We have seen, in this example, the spent catalyst from the skim indicated up to 20% phosphorous on top-bed grading; so, significant amounts of phosphorous. And in this cycle, after seeing the exotherm decline, when we reloaded, we switched from the phosphorous-based naphthenic acid corrosion inhibitor to a sulfur-based inhibitor and saw the DT (differential temperature) decline halt or be held.
On the next slide is an example of the first cycle. The unit in question contains two reactors in series with two beds each; so the beds are delineated as Bed 1, Bed 2, Bed 3, and Bed 4. You can see that through the beginning of the 2013 cycle, the ΔTs (delta Ts; DTs; temperature differentials) were stable. The y-axis shows how the total temperature rise is distributed amongst the four beds. The vertical pink line marks the time when the phosphorous-based corrosion inhibitor was started. You can see that Bed 1’s temperature rise starts to decline. We actually tried to increase inlet temperatures to recover the ΔT, but it was not successful; the ΔT continued to decline. And as you would expect from plug flow and metals deposition, Bed 1 declines and Bed 2, which is the blue line, picks up the ΔT as it begins to decline. Bed 2 is the green. Bed 3 picks it up in the blue. And finally, when Bed 3 starts to decline, Bed 4 picks it up. We ended up changing the catalyst out in the cycle ahead of schedule.
So when the catalyst samples were pulled out from the spent catalyst load, you can see that the Bed 1 samples were exceeding 20% phosphorous. If our threshold is 1% phosphorous or a 50% activity decline, even Bed 2 was above that and showed significant activity decline. We did have lower levels of phosphorous in Beds 3 and 4, and that is where the bulk of the HDS catalyst was located.
For the next cycle that started up after this, you can see the temperature rise response in the four beds, Bed 1, Bed 2, Bed 3, and Bed 4. The ΔT decline continued.
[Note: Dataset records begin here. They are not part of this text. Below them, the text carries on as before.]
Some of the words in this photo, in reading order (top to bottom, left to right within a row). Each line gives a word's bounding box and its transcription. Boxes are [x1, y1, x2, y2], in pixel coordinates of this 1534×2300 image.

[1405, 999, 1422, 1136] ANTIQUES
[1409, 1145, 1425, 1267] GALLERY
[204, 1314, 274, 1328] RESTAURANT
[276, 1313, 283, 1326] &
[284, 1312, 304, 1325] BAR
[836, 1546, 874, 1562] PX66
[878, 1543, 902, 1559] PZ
You may ask, “Oh, did you guys at Valero not learn anything?” This delay at the start of cycle is the time it took us to get the spent catalyst sample results. When we unload the catalyst and send it to our supplier, we do not get those results back for several months. So it reinforces that having good technical service and timely return of spent catalyst samples can really help us make a change. As soon as we saw the high levels of phosphorous, we had a discussion and the refinery switched to a sulfur-based corrosion inhibitor. We worked with our chemical supplier. You can see that when we switched to that sulfur-based corrosion inhibitor, the ΔT stabilized. There was still some decline, as you would expect from metals poisoning throughout. However, the rapid decline that we observed in the previous cycle was not repeated.
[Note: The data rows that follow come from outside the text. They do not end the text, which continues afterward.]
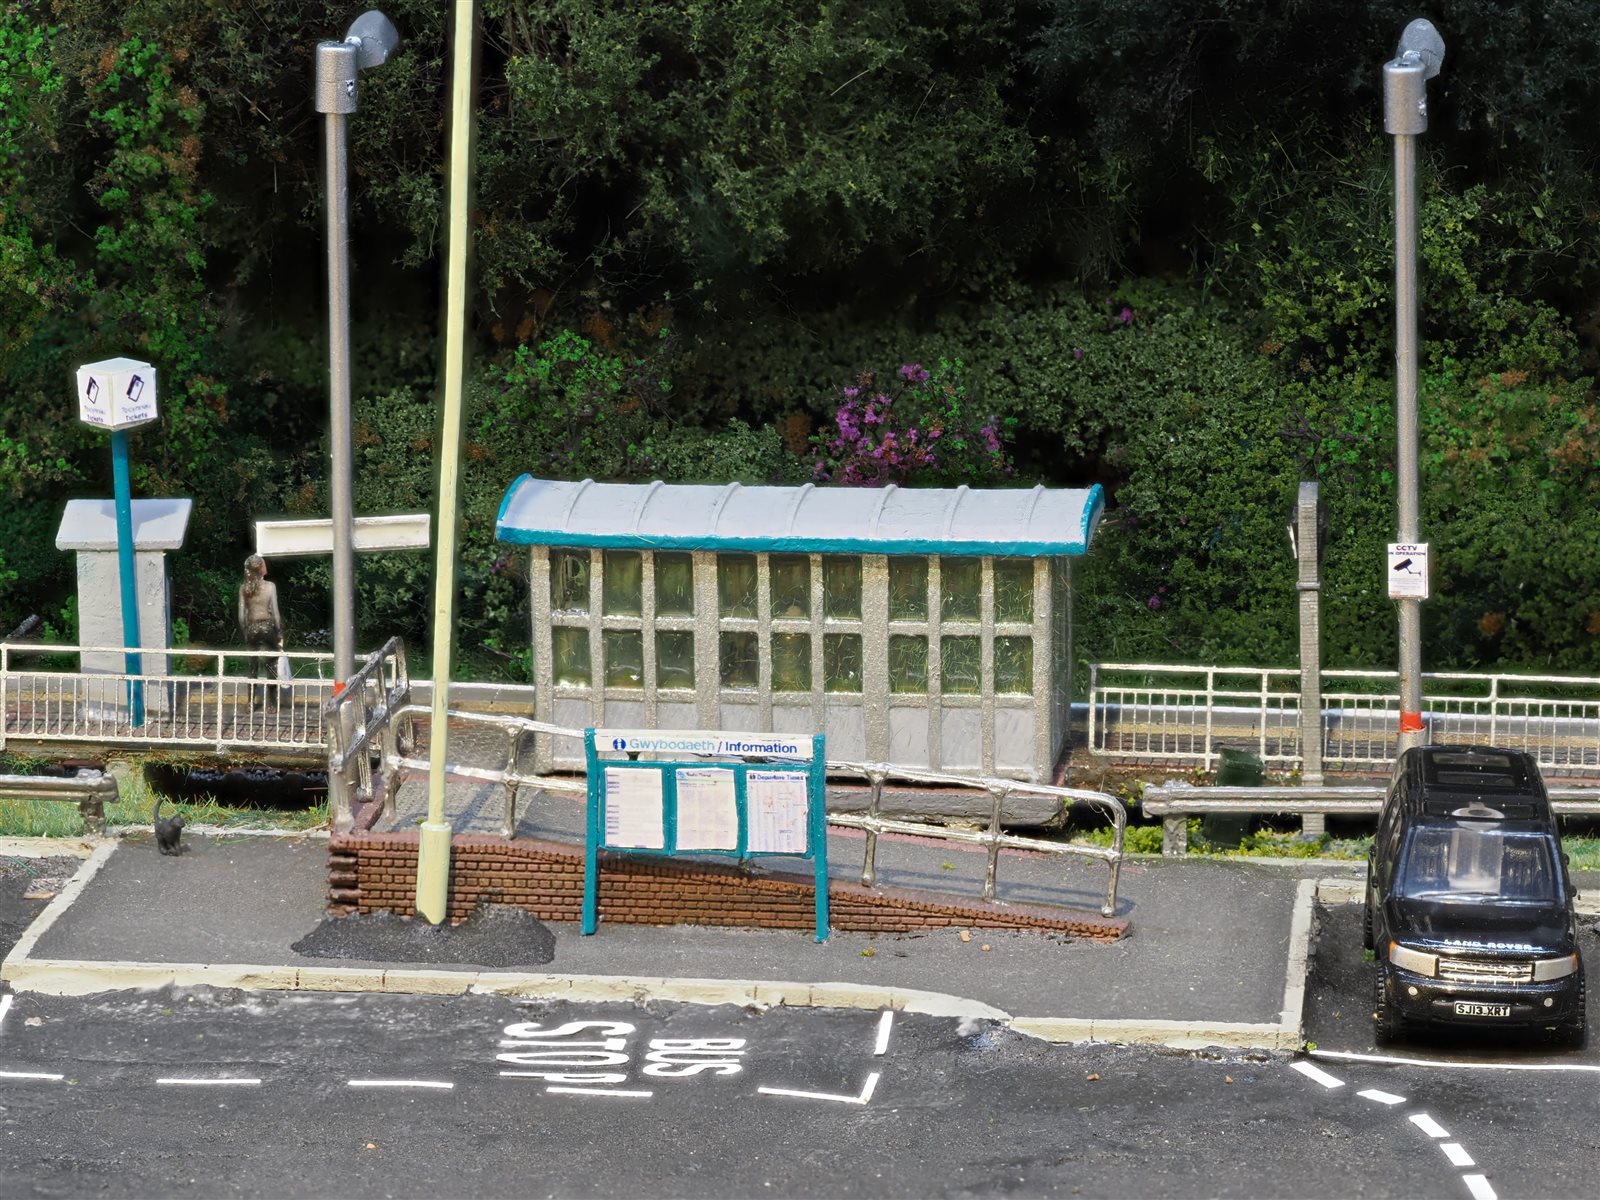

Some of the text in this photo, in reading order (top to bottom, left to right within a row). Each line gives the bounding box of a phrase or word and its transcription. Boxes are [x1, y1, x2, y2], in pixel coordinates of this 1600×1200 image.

[126, 412, 148, 422] Tickets
[629, 738, 715, 751] Gwybodaeth
[725, 741, 798, 754] Information
[1444, 939, 1532, 950] LAND ROVER
[1486, 1005, 1509, 1017] XRT
[495, 1020, 636, 1083] STOP
[642, 1038, 746, 1076] BUS
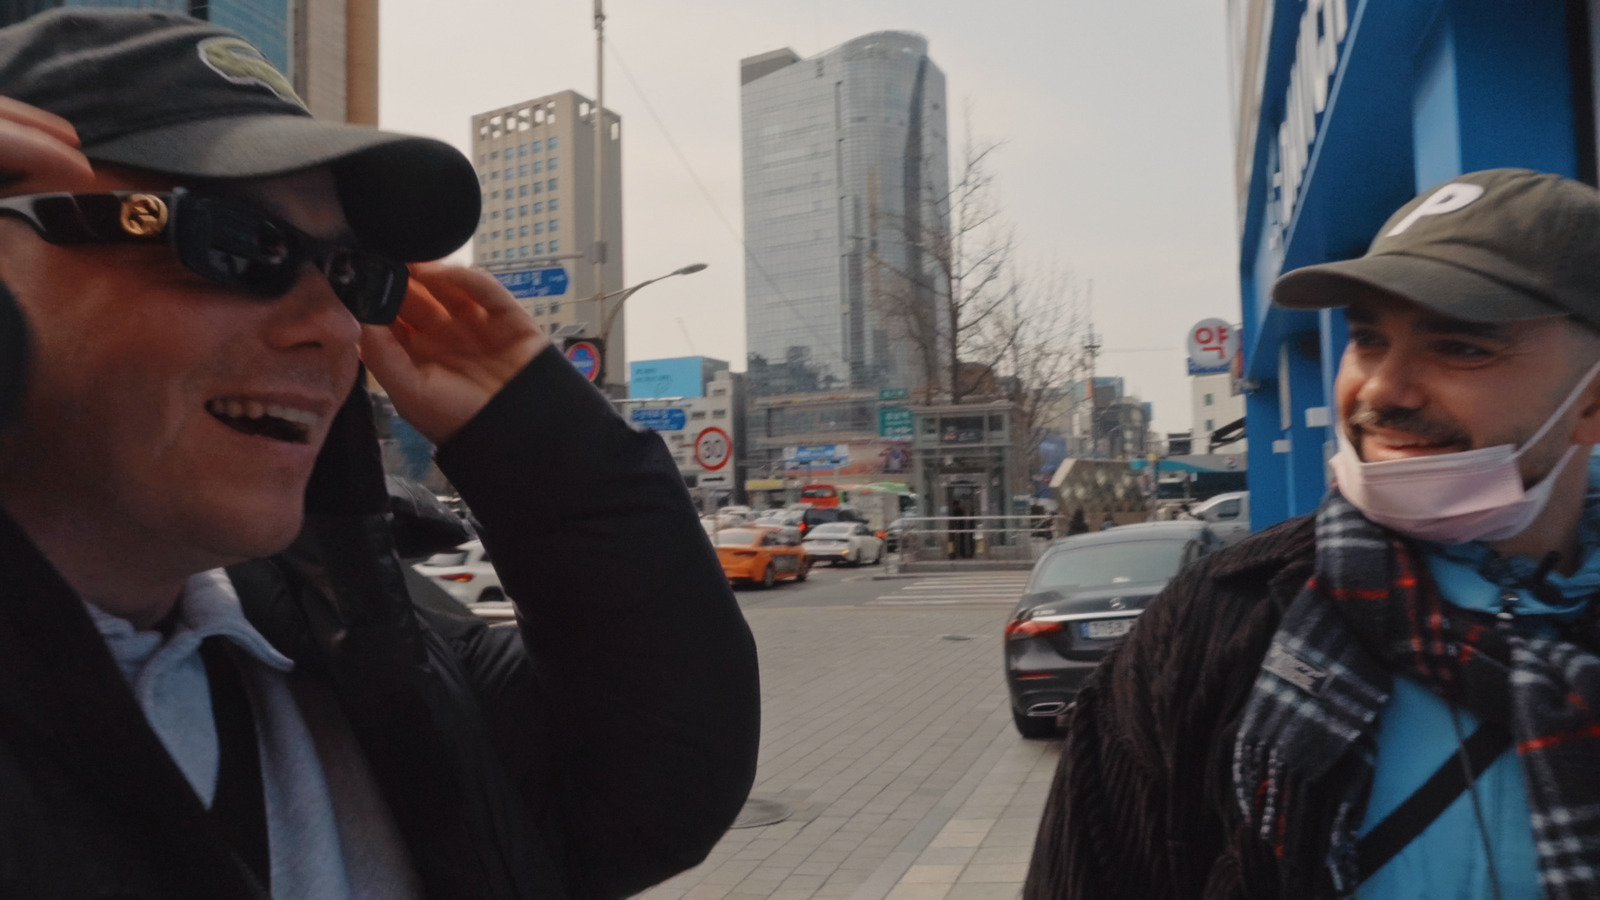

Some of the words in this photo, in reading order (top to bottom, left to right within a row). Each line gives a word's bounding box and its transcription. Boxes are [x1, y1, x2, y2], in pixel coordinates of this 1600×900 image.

[1384, 182, 1484, 238] P
[1194, 325, 1228, 361] 약
[702, 439, 725, 460] 30
So in summary, our Best Practice for phosphorous poisoning is to minimize the source of phosphorous poisoning. We do still use phosphorous-based corrosion inhibitors. They are very effective for naphthenic acid corrosion inhibition. However, it has to be an economic justification between the use for protecting the VGO (vacuum gas oil) circuits and any deactivation that may occur in a VGO hydroprocessing unit. There are demetallization catalysts that would be used for nickel and vanadium; they are also effective for trapping phosphorous. But still, a small amount of phosphorus goes a long way in terms of catalyst deactivation.
TEMME (Albemarle Corporation)
I agree with what Andy said. That is a really powerful example. Phosphorous is definitely becoming more problematic, especially with high TAN (total acid number) crude treatment programs. Andy has already mentioned the sources.
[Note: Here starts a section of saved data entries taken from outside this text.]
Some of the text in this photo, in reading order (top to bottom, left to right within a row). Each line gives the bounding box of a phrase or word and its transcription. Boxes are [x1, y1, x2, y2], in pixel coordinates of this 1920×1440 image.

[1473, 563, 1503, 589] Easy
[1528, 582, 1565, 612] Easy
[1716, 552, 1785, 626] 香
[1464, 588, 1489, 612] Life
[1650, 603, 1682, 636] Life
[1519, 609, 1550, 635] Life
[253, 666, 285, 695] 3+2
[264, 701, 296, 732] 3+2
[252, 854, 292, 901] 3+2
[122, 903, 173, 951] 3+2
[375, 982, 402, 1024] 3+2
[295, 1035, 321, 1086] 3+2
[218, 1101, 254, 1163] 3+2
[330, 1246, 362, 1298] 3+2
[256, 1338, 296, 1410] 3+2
Phosphorous will cause pore mouth plugging leading to diffusion limitations. The mechanism is more pronounced with high temperature/high-pressure operations. And with that, the pore mouth plugging will have a greater impact on small pore size, smaller median pore distribution-sized catalysts. We have seen that phosphorous deposition of 2 wt% can result in a 50% loss of catalyst activity.
In terms of assessing and dealing with phosphorous trapping, as Andy indicated, getting good spent catalyst samples are essential for assessment. There are catalyst-handling companies that have core sample machines which work very well for getting a good axial core bed sample. Instead of having to try and vacuum off or pick samples out of flow bins, we want to make sure to get enough samples to define the extent of the problem. It does not hurt to get some third-party testing done, especially if they can do it in a quicker turnaround and get a baseline of the phosphorous and the catalyst substrate from the vendor to ensure that you have good accounting. And yes, phosphates can be removed using guard catalysts. They are designed for iron, nickel, and vanadium pickup, especially catalysts with the pore architecture that will minimize pore mouth plugging. We feel that catalysts with minimal diffusion limitations will deal best with phosphorous trapping.
PEDERSEN (UOP LLC, A Honeywell Company)
I will add that it is important not only to identify the concentration of phosphorus contaminant, but also the type of material with which this phosphorus is associated. Basically, the more acidic the phosphorus compound, the more lethal it is to your catalyst.
JEFF JOHNS (Chevron USA, Inc.)
I am curious about comments from the panel about protection from phosphorus in crude. Is there is any monitoring program or other procedures you have instituted to be able to prevent that poisoning? As an example, just so people are aware that that is a real problem, we had a diesel hydrotreater that completely went through a cycle in about six weeks due to phosphorus from crude poisoning. So, what have you done?
McARTHUR (Phillips 66)
I will say that we do not have a unit that has really had a significant phosphorus poisoning problem yet. So I do not think we have installed what I would call a top-of-the-line phosphorus monitoring program.
MORELAND (Valero Energy Corporation) All I want to say, Jeff, is that we would have been caught by something like that, too. We do not typically monitor for phosphorus in diesel streams. We have seen some phosphorus in some kerosene (kero) streams at one of our plants and some phosphorus-based fouling in the crude tower in the kero circuit. So maybe it is a similar case, but it did not seem to affect operations. In that refinery, the jet is not hydrotreated; so we would not have seen it in the hydrotreater. We have monitored it in VGO; but in diesel, we do not look for phosphorus very often.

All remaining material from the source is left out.